Few things matter to truckers quite as much as their seats.

It’s not as much of an issue these days. For years now, advanced seat technology has made them far more comfortable and better for backs.

But back in the day, as one trucker once said, seats were little better than “leather stretched over a peach crate,” and with the shaking common in those older trucks, the backs of many a driver were in very bad shape.

Murry Syfert isn’t quite old enough to remember the truly bad seats. But truckers his age have seen a lot of changes. And the OOIDA life member of Coweta, Okla., values having a good place to drive from.

Specifically, four years ago, Murry bought one of the new Bose seats.

If the name Bose is familiar, then you’re probably an audiophile. In fact, it is the same company renowned for producing some of the best speakers in the business.

Their truck seat uses the famed audio company’s noise-cancellation technology to attack and counteract the vibrations in a truck, so the driver has an incredibly smooth ride.

Syfert, who does heavy haul, says he’s “very pleased” with the seat and also pleased with the company, including the service they provided.

“Any problems I’ve had, they’ve been willing to take care of it no charge,” Murray added.

The Bose system came out several years ago, and it was part of a wave of driver comfort improvements that sprang up around the same time.

Over the space of a few years, we had seen massive improvements in sleeper berths; better seats; APU systems to provide the same climate control and comfort key off that you have key on; shore power expanding its reach; and even better suspensions designed to make the ride easier for the driver.

The trend was encouraging, because it recognized the special place the driver should have – and so often isn’t credited for – in trucking.
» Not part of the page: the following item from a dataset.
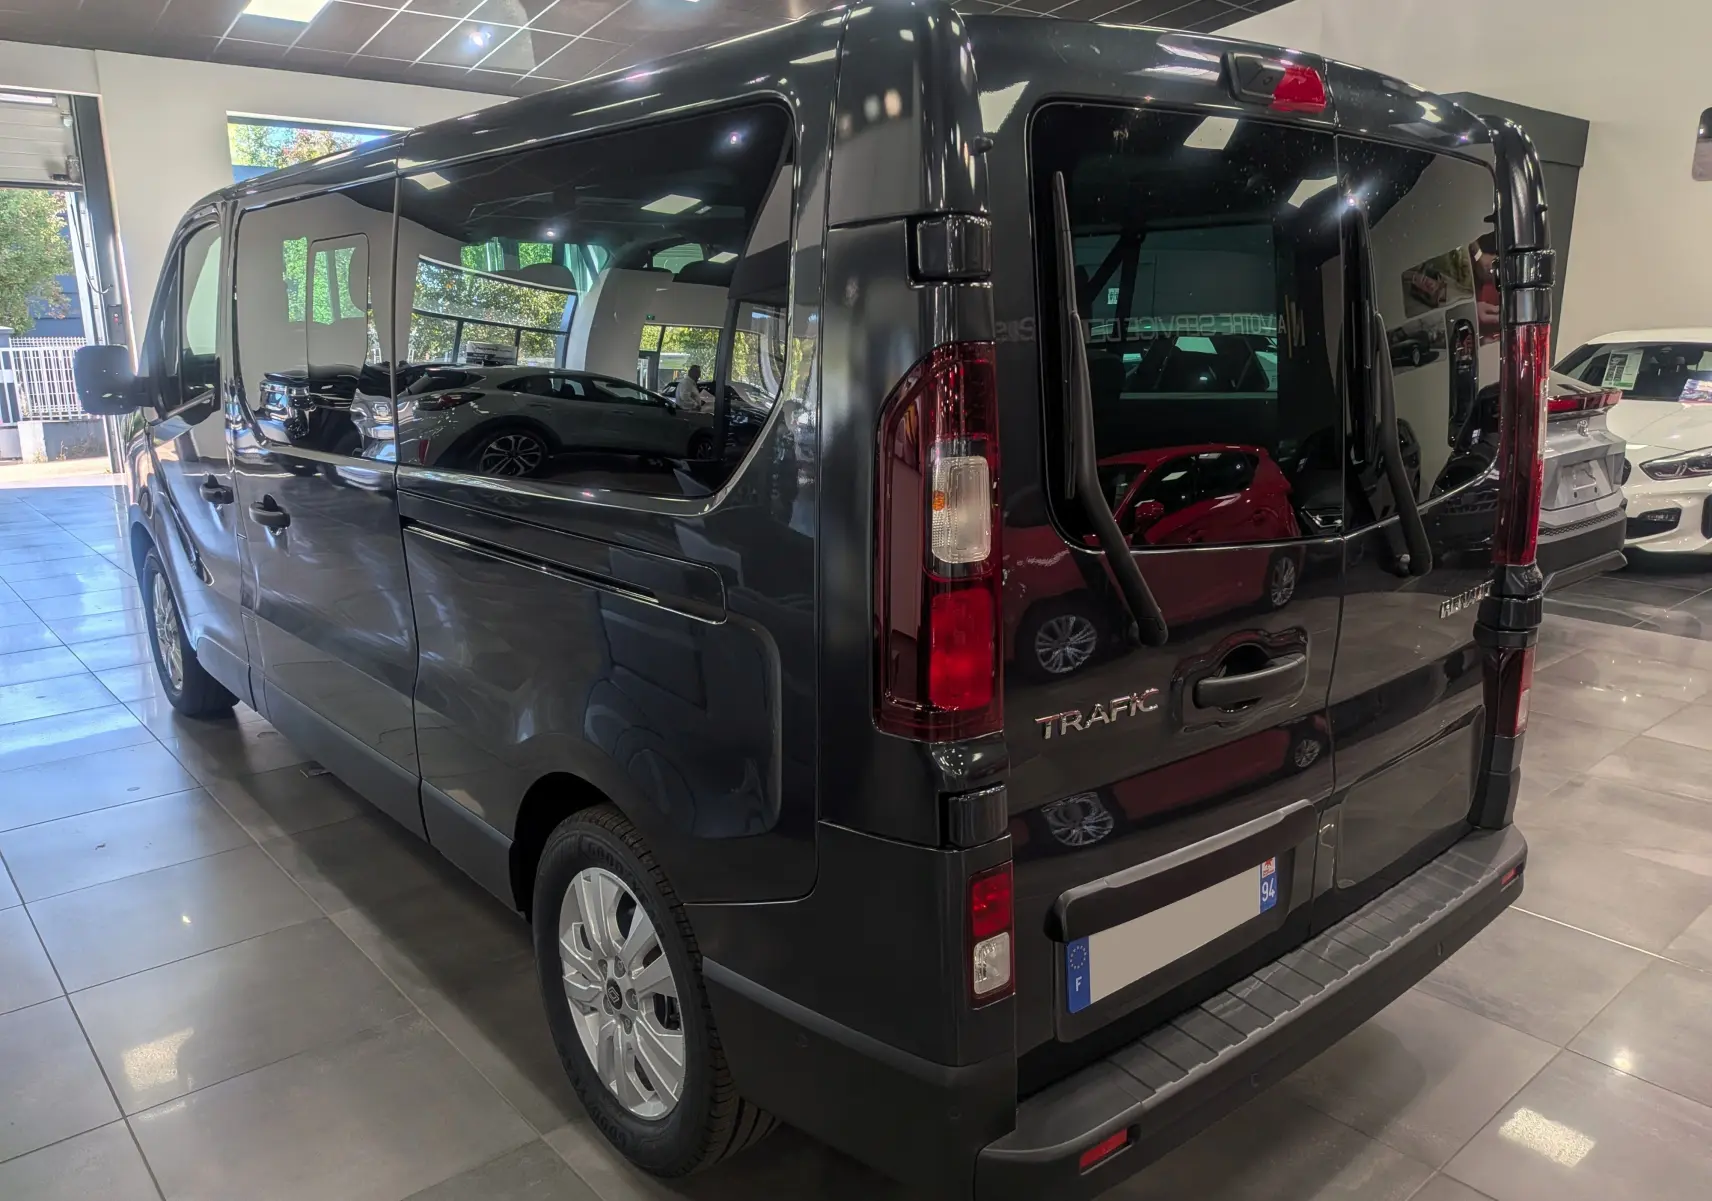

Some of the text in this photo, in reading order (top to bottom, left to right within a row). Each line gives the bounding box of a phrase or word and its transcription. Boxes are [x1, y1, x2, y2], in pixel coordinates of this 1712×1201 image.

[1034, 688, 1159, 740] TRAFIC
[1262, 877, 1275, 902] 94
[1075, 975, 1083, 992] F
This past year, I saw far less of that.

Suddenly, everyone isn’t talking about cab comfort. Instead, the talk is mostly about automation – a system ultimately designed to eliminate the driver. Not right away, mind you, but in the end that is the goal.
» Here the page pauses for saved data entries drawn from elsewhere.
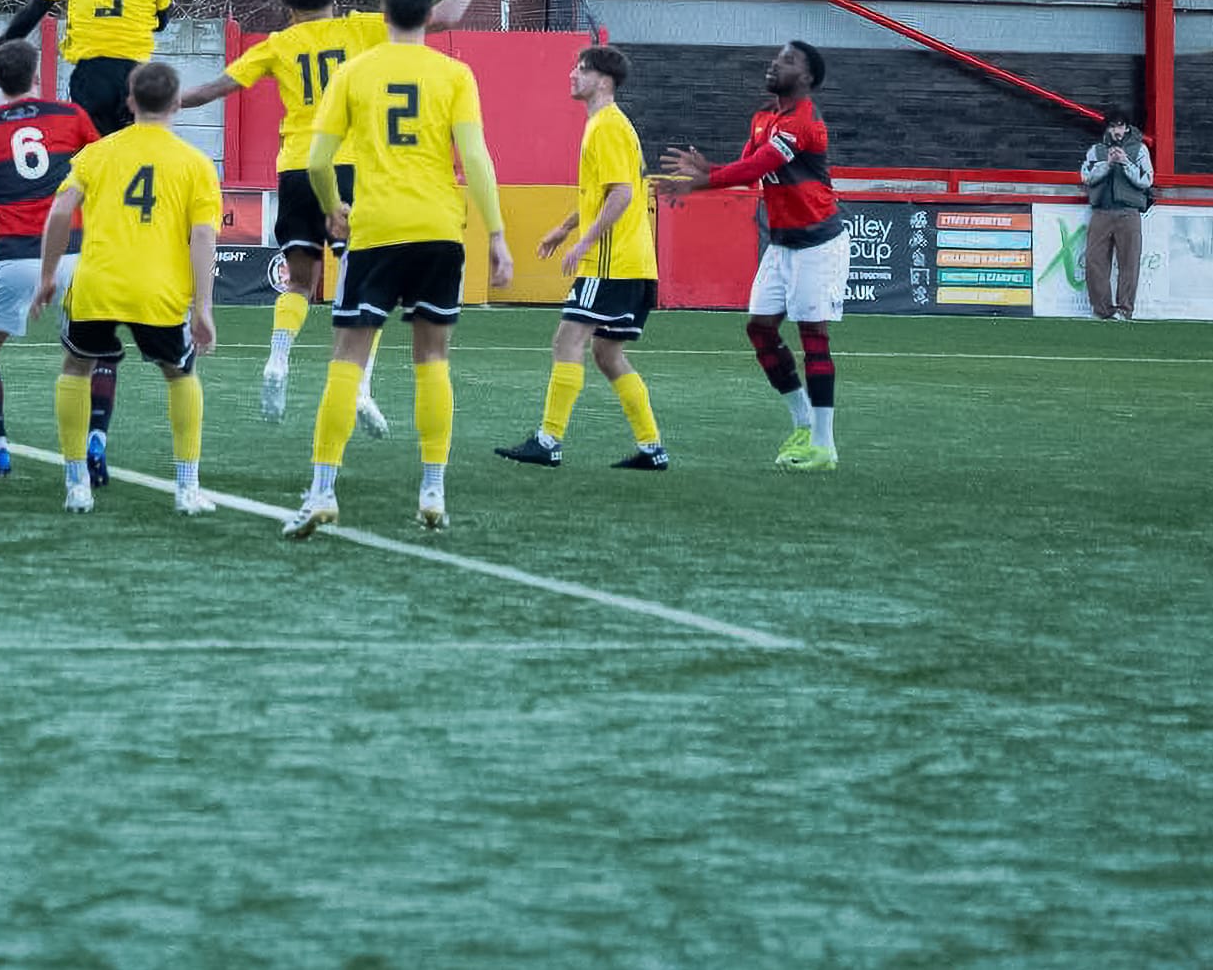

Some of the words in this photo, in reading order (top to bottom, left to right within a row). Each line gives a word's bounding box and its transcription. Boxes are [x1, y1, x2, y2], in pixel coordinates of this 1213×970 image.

[297, 49, 347, 106] 10
[387, 83, 419, 146] 2
[10, 126, 50, 180] 6
[123, 164, 157, 224] 4
[849, 243, 892, 264] oup
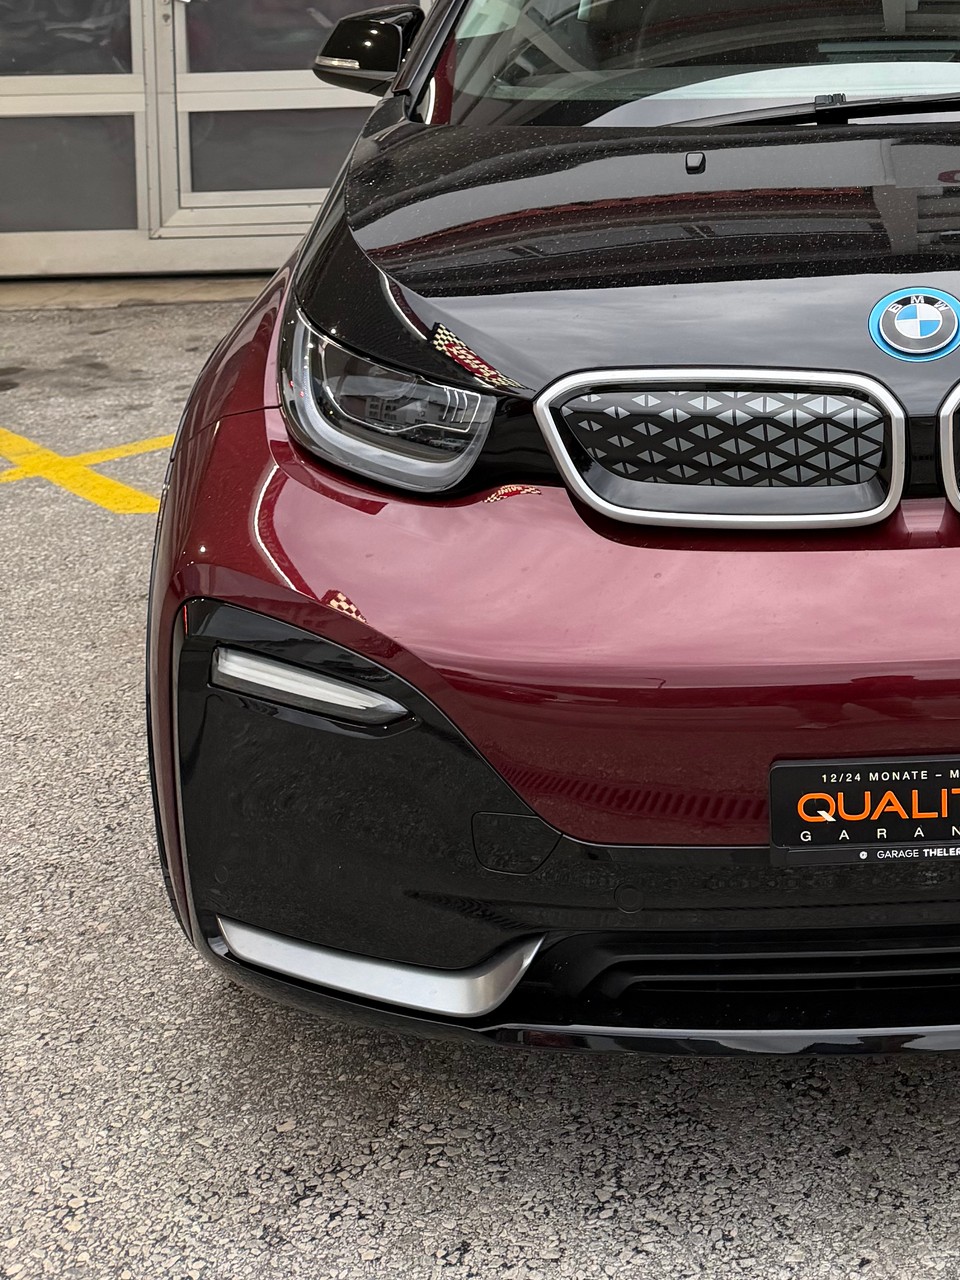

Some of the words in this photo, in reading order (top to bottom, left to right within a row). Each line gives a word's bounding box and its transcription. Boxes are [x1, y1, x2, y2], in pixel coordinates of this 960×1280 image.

[887, 295, 950, 313] BMW
[821, 772, 862, 784] 12/24
[869, 770, 928, 781] MONATE
[876, 848, 919, 859] GARAGE
I heard a lot more talk about what fleets need, and less about what drivers need. As I heard more and more of that talk, I began to feel that something was lost.

In a day when everyone seems against the truck drivers, it’s nice to know that someone, or some company, puts them first.

I remember the demonstrations of the Bose seats at the Mid-America Trucking Show, which they offered over several years. Our own Reed Black sat on a Bose seat while they put it on a giant vibrating platform. He hardly moved at all.

I remember walking into sleepers so large that they really qualified as an RV – complete with shower and working toilet, and a real, adult-size bed.

I hope that what I observed this past year was an aberration, a one-year phenomenon that will pass, giving way to new innovations benefiting the drivers.

I’m not holding my breath, but you can hope. Because the Murry Syferts of the world – the people moving everything our country needs – deserve all the comfort they can get.